Assignment. Where the data below shows a picture, leave that picture out and copy the rest exactly.
*** Excerpted records ***
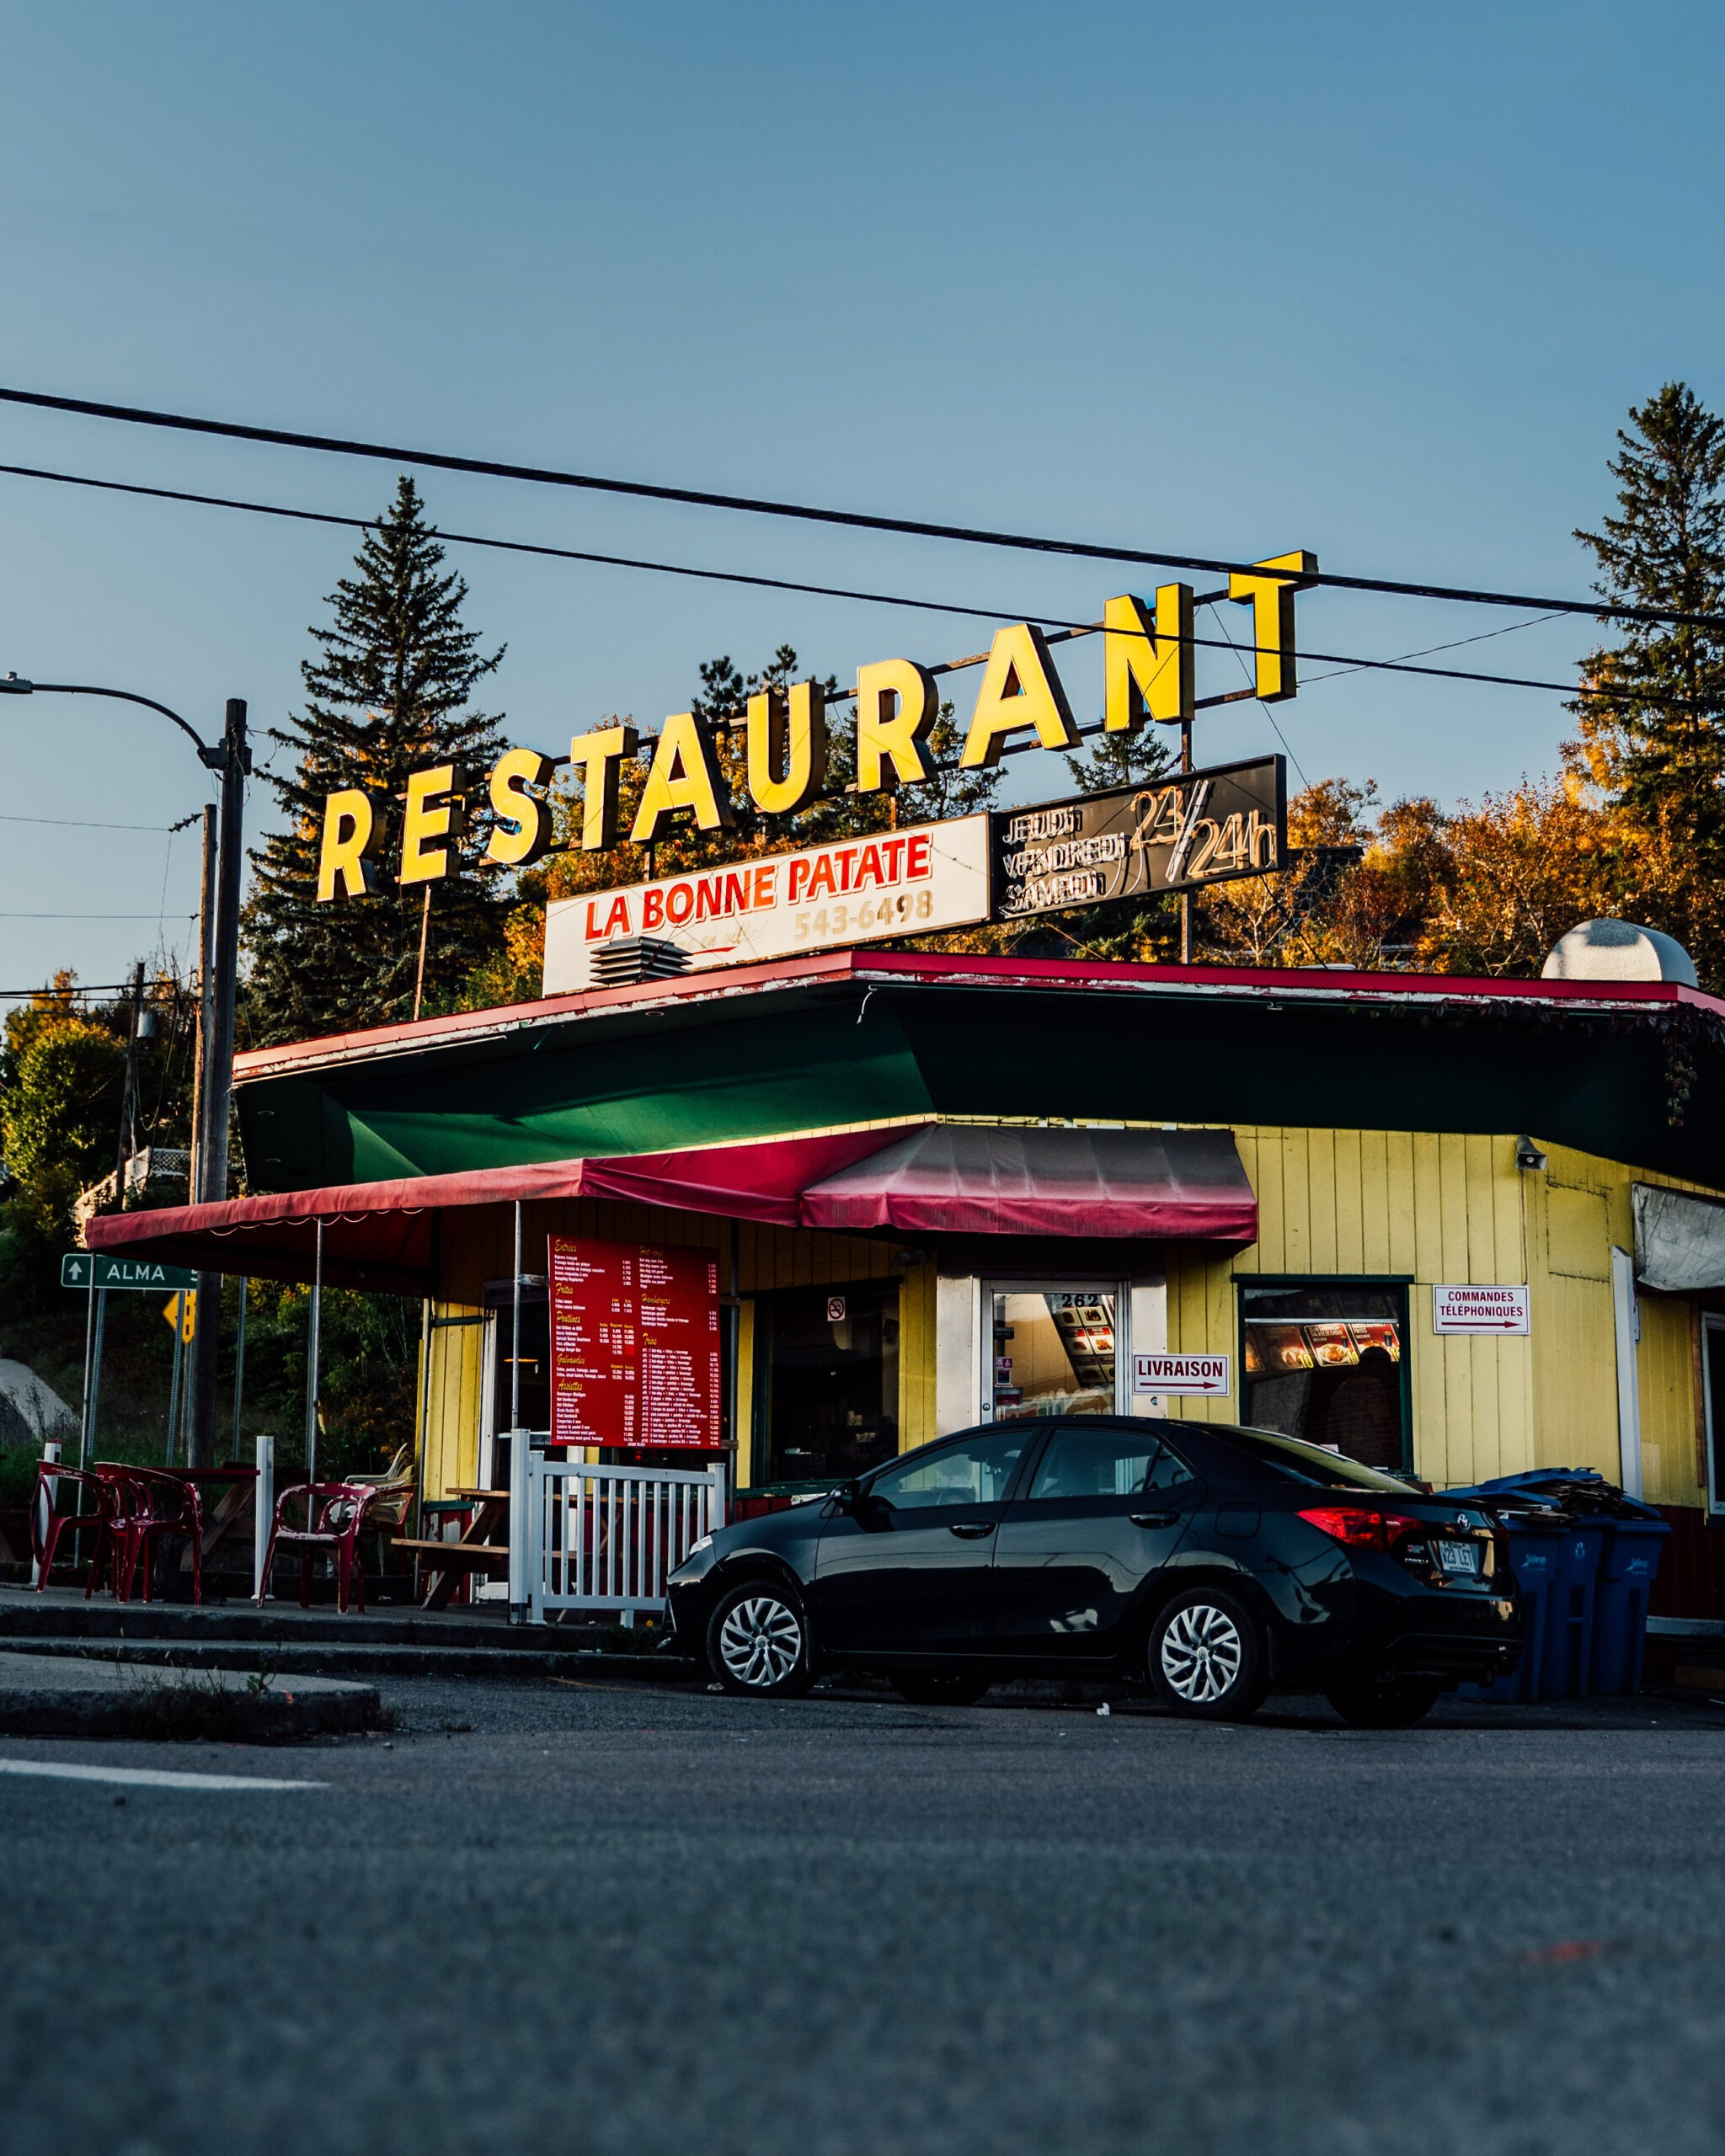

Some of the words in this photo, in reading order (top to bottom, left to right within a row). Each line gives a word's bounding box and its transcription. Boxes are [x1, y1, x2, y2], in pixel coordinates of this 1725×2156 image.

[317, 549, 1316, 902] RESTAURANT
[585, 894, 633, 944] LA
[642, 863, 777, 932] BONNE
[788, 833, 933, 904] PATATE
[793, 889, 935, 942] 543-6498
[106, 1264, 165, 1281] ALMA
[1062, 1294, 1098, 1307] 262
[1448, 1291, 1514, 1302] COMMANDES
[1439, 1303, 1524, 1317] TÉLÉPHONIQUES
[1137, 1358, 1224, 1379] LIVRAISON
***
Output below.
Some of the words in this photo, in reading order (top to bottom, left to right within a row). Each line gives a word's bounding box and its transcription. Boxes are [x1, y1, x2, y2], in pixel coordinates of this 1725×2156 image.

[317, 549, 1316, 902] RESTAURANT
[585, 894, 633, 944] LA
[642, 863, 777, 932] BONNE
[788, 833, 933, 904] PATATE
[793, 889, 935, 942] 543-6498
[106, 1264, 165, 1281] ALMA
[1062, 1294, 1098, 1307] 262
[1448, 1291, 1514, 1302] COMMANDES
[1439, 1303, 1524, 1317] TÉLÉPHONIQUES
[1137, 1358, 1224, 1379] LIVRAISON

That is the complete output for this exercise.